Charitable contributions are the least restrictive way to direct money to alternative institutions that otherwise goes directly to the government. Organizations that qualify range from your church to the National Park Foundation, from a conservative educational think tank to InAsMuch and Mustard Seed, from the NRA to the ACLU and from education scholarships for the poor to the University of Notre Dame.
Quite honestly, some is wasted and many times overhead is too high. But the effectiveness and efficiency of such organizations far exceed that of most government programs.
To conservatives, the uniqueness and strength of America derives in a large part from our intermediary institutions. Many Americans, for example John Adams, believe that without the benefit of a godly moral people the presumptions of freedom are likely to fail. In other words, a democratic Republic is not easily exported to people without such a foundation.
History is again proving that the strength of respecting minority rights (a key sub-point) is usually directly correlated to the remnants of Judeo-Christian heritage.
Churches and faith-based organizations would, of course, survive without a charitable deduction. But an era of confiscatory taxation, not just the federal income tax, has hindered such giving. It is also indisputable that large donations are critical to major projects in all categories.
If Republicans cap charitable donations, which means abandoning the principle behind the deduction, they will also undermine our best argument for reducing government.
It is unbelievable that in a week that Sen. Rubio and Rep. Ryan argued we must become more compassionate to the needs of those left behind, that Boehner would propose capping charitable deductions.
Other countries will likely steal American investment if we raise income rates. But clear rates give clear political debate. Once the Democrats' proposal to raise taxes damages our economy — and it will — clarity is to be valued so it can then be reduced (as happened under JFK, Reagan and Bush 43).
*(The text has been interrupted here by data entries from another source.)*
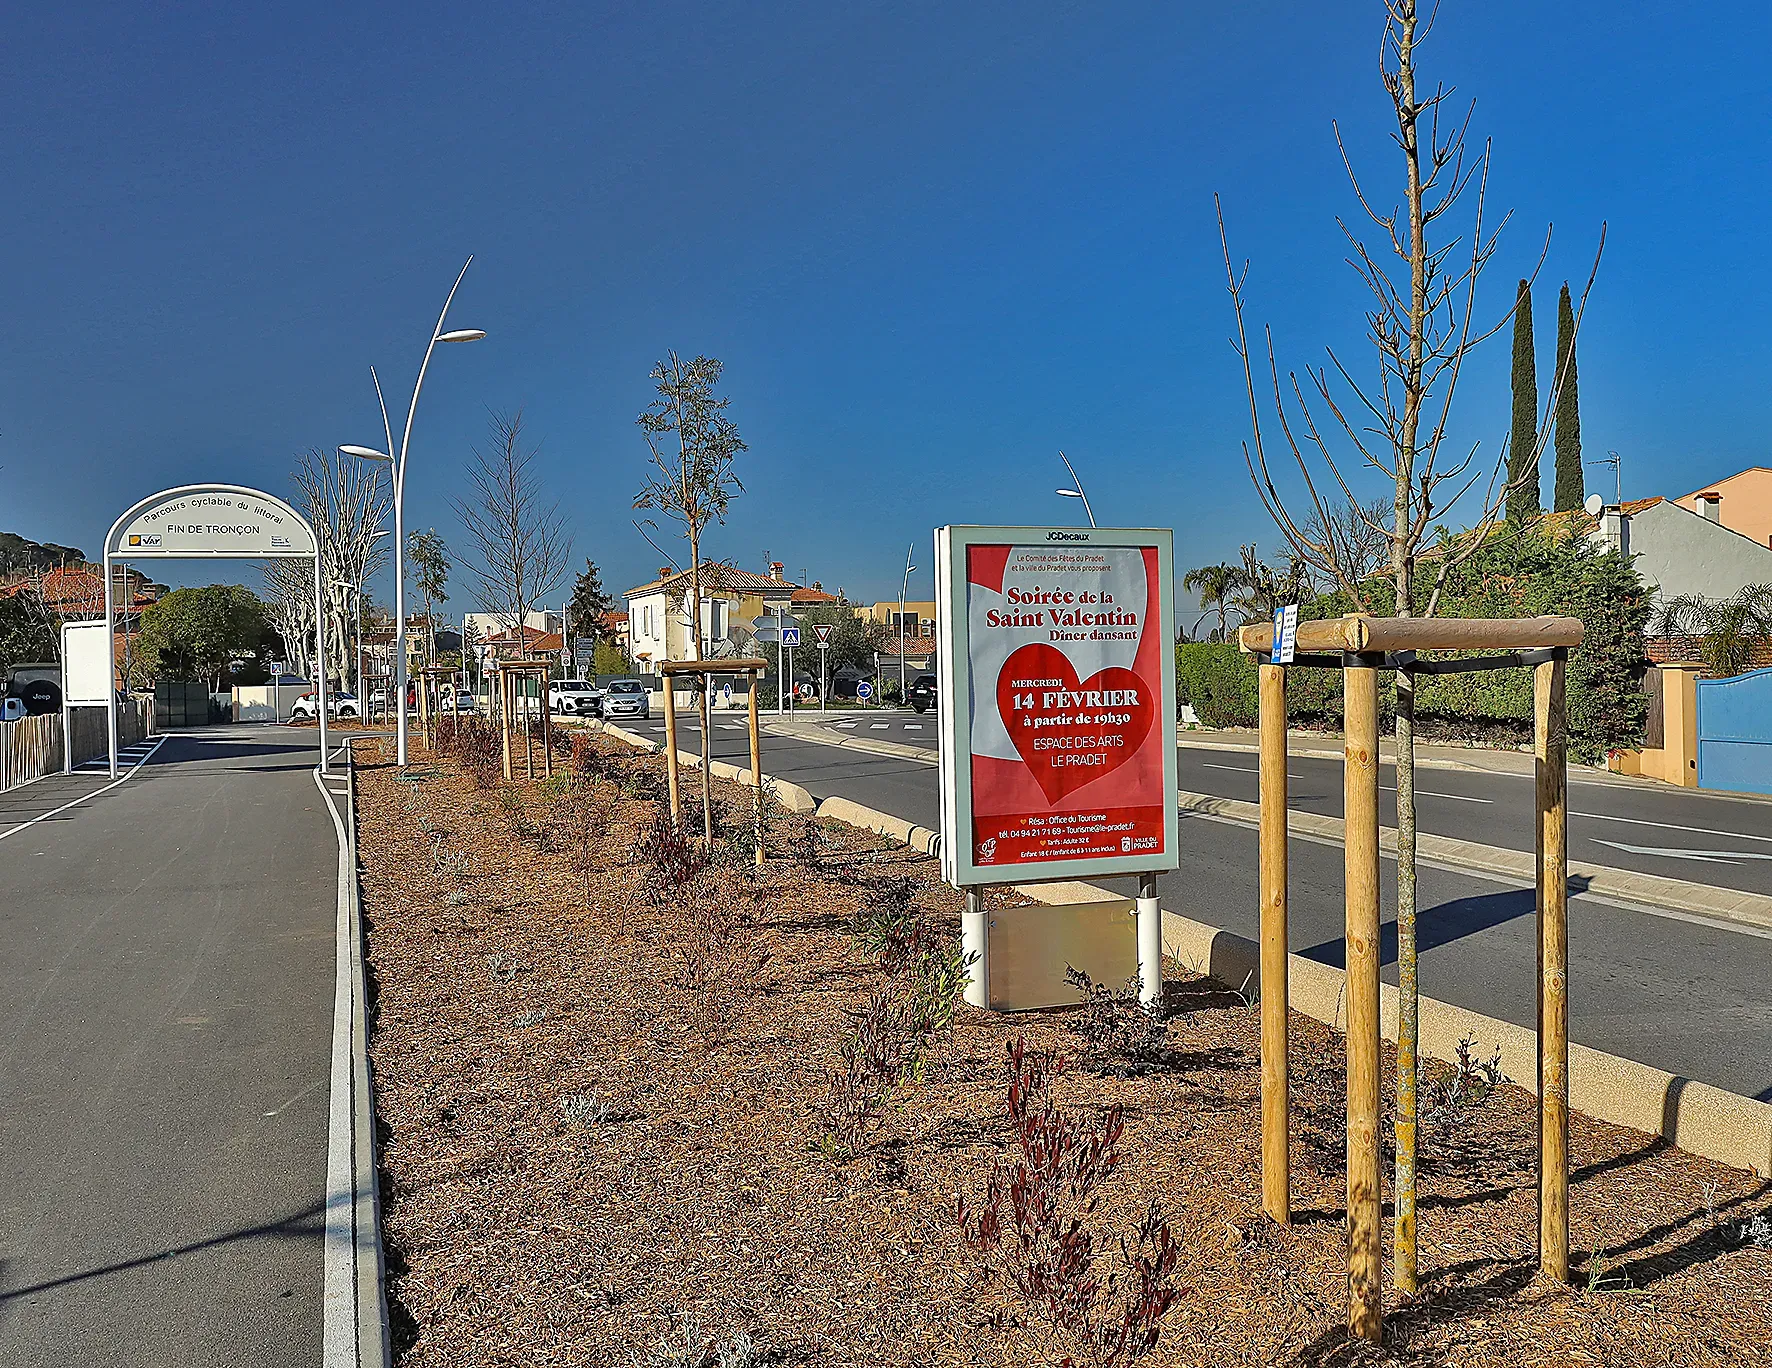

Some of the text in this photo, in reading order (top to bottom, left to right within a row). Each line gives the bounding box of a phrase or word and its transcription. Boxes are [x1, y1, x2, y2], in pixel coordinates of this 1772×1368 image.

[143, 497, 284, 525] Parcours cyclable du littoral
[167, 524, 260, 536] FIN DE TRONÇON
[1045, 531, 1090, 541] JCDecaux
[1025, 554, 1047, 562] Comité
[1047, 554, 1059, 562] des
[1059, 554, 1075, 562] Fêtes
[1075, 554, 1084, 562] du
[1084, 554, 1105, 562] Pradet
[1011, 564, 1112, 573] et la ville du Pradet vous proposent
[1007, 585, 1114, 605] Soirée de la
[986, 606, 1138, 628] Saint Valentin
[1049, 628, 1138, 641] Dîner dansant
[1011, 678, 1063, 688] MERCREDI
[32, 693, 51, 701] Jeep
[1012, 686, 1140, 710] 14 FÉVRIER
[1023, 711, 1131, 729] à partir de 19h30
[1033, 734, 1124, 750] ESPACE DES ARTS
[1051, 753, 1108, 767] LE PRADET
[1028, 817, 1045, 826] Résa
[1048, 815, 1068, 825] Office
[1067, 814, 1077, 824] du
[1077, 813, 1107, 823] Tourisme
[1010, 830, 1020, 838] 04
[1020, 829, 1031, 837] 94
[1031, 828, 1041, 837] 21
[1041, 828, 1051, 836] 71
[1051, 827, 1062, 836] 69
[1133, 841, 1159, 850] PRADET
[1020, 850, 1038, 858] Enfant
The failure will be clear: Lower the marginal tax rates back to the previous level if you want economic stimulus.
Capping charitable deductions that change marginal rates does not offer such clarity.
Furthermore, if Boehner's proposal was accepted, President Obama's main campaign point — raise actual tax rates — would remain as a political hammer. Within a year, we would likely get the rate increase also.
Some days it seems like what Republicans learned from the election was how to become even more out of touch, even with our own fundamental beliefs.